Ingvar Kamprad, creator of Swedish furniture giant Ikea, is to take another step back from his company as the youngest of his three sons takes a key board role in a gradual handover of power.
Kamprad, 87, who founded the business in rural south Sweden 70 years ago, stepped down in 1986 as chief executive of Ikea, which has become the world’s biggest furniture group, famous for its flat packs and do-it-yourself assembly.
He will now leave the board of a key company within the business – Inter Ikea Group – and his youngest son Mathias will take over as its chairman.
“I see this as a good time for me to leave the board of Inter Ikea Group,” Kamprad said, referring to the company which owns the brand and which collects 3 per cent of Ikea stores’ sales worldwide each year.

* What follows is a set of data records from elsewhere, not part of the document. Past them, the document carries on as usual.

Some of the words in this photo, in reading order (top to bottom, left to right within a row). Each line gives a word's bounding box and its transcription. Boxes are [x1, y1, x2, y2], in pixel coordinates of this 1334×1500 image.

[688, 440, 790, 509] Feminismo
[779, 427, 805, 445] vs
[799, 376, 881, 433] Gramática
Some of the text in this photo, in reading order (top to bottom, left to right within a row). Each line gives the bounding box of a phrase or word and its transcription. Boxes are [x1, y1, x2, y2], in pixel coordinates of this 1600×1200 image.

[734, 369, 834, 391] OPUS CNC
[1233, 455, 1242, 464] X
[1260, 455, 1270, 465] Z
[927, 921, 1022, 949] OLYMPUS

“By that we are also taking another step in the generation shift that has been ongoing for some years,” added Kamprad, a billionaire, who has been resident in Switzerland since the 1970s.

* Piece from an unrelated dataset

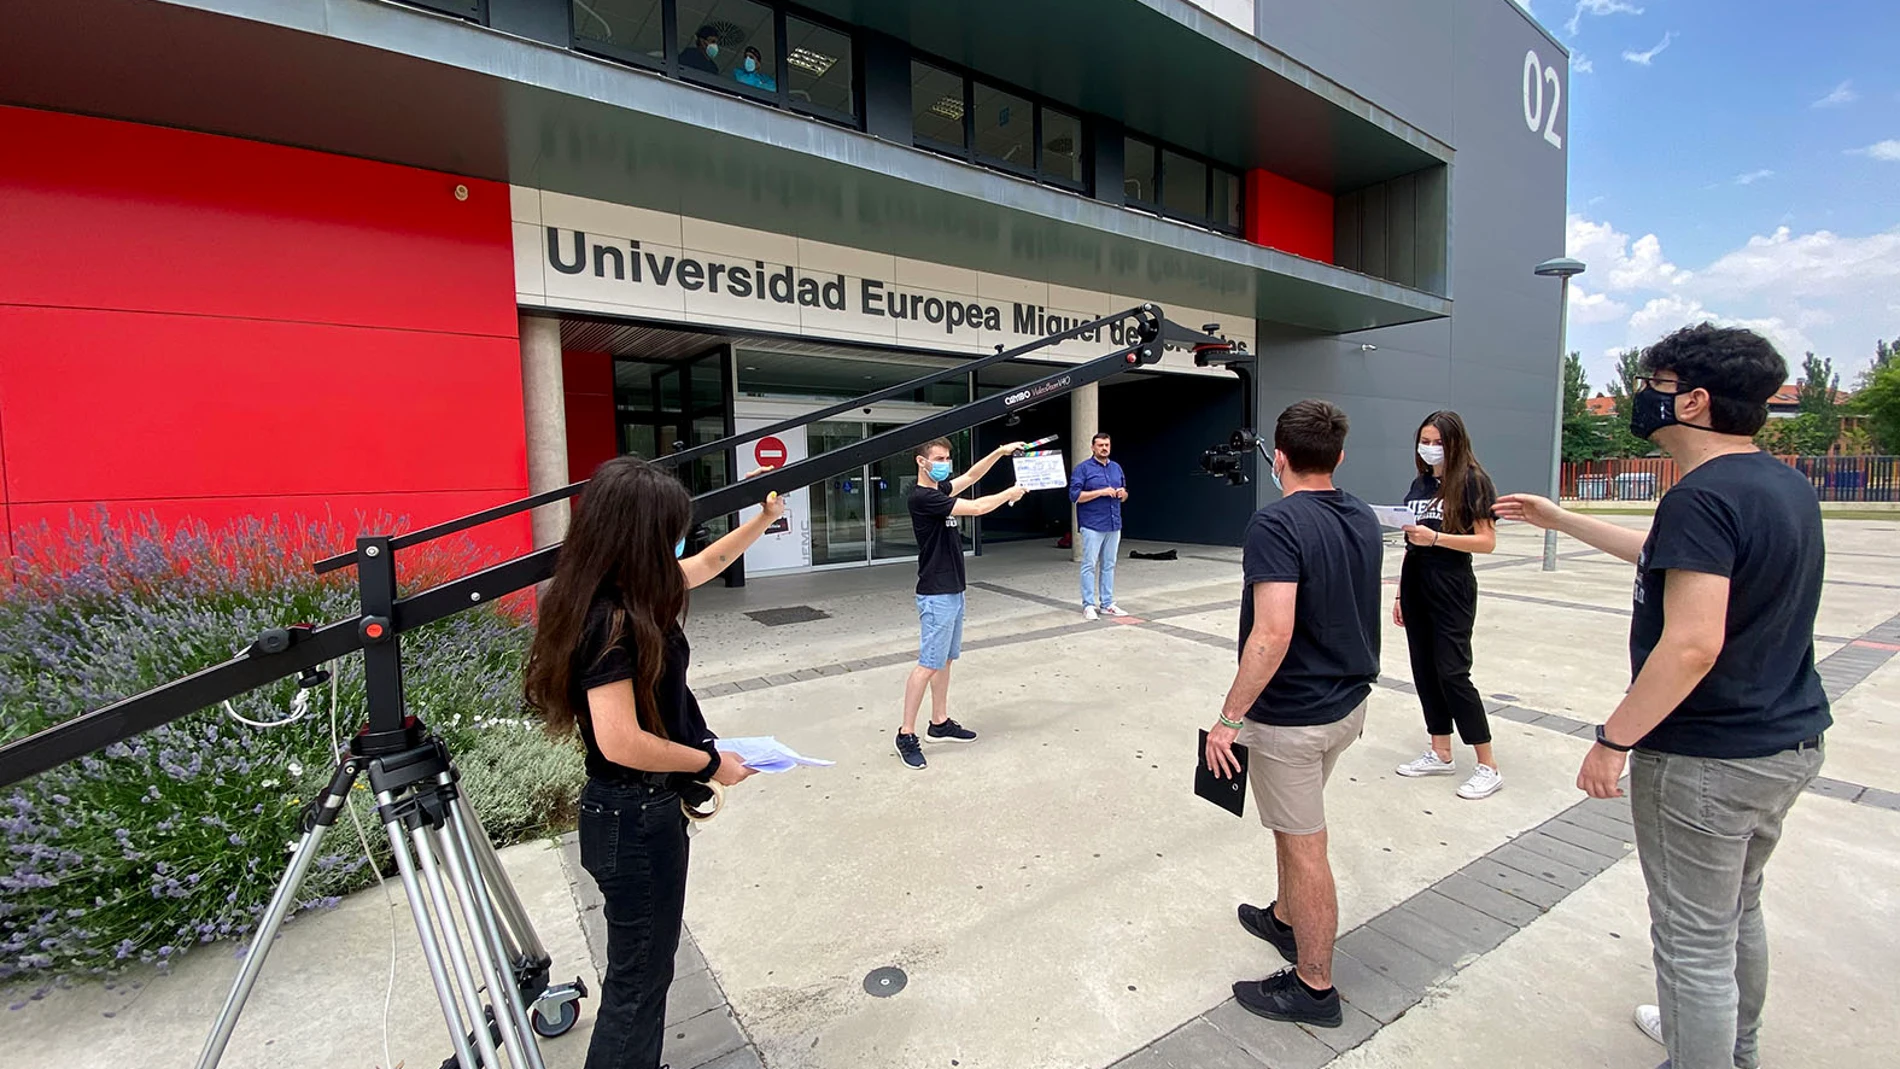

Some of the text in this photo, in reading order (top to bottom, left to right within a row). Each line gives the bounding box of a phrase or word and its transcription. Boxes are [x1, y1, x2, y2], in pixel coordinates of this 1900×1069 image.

[1523, 50, 1561, 149] 02
[547, 226, 846, 311] Universidad
[861, 278, 1001, 334] Europea

The Kamprad family still controls the complex corporate structure that makes up the Ikea empire and Kamprad himself keeps a tight grip behind the scenes.
He chairs the Dutch-registered foundation which controls Ikea Group, the owner of 302 of the 343 Ikea stores worldwide. He is also on the board of family-controlled Interogo Foundation in Liechtenstein, which in turn owns Inter Ikea Group.
Mathias is also an Interogo board member and has held various positions in the Kamprad-founded groups, but like all the Kamprads he has kept a low public profile. Mathias’s two older brothers, Jonas and Peter, also have board roles within the groups.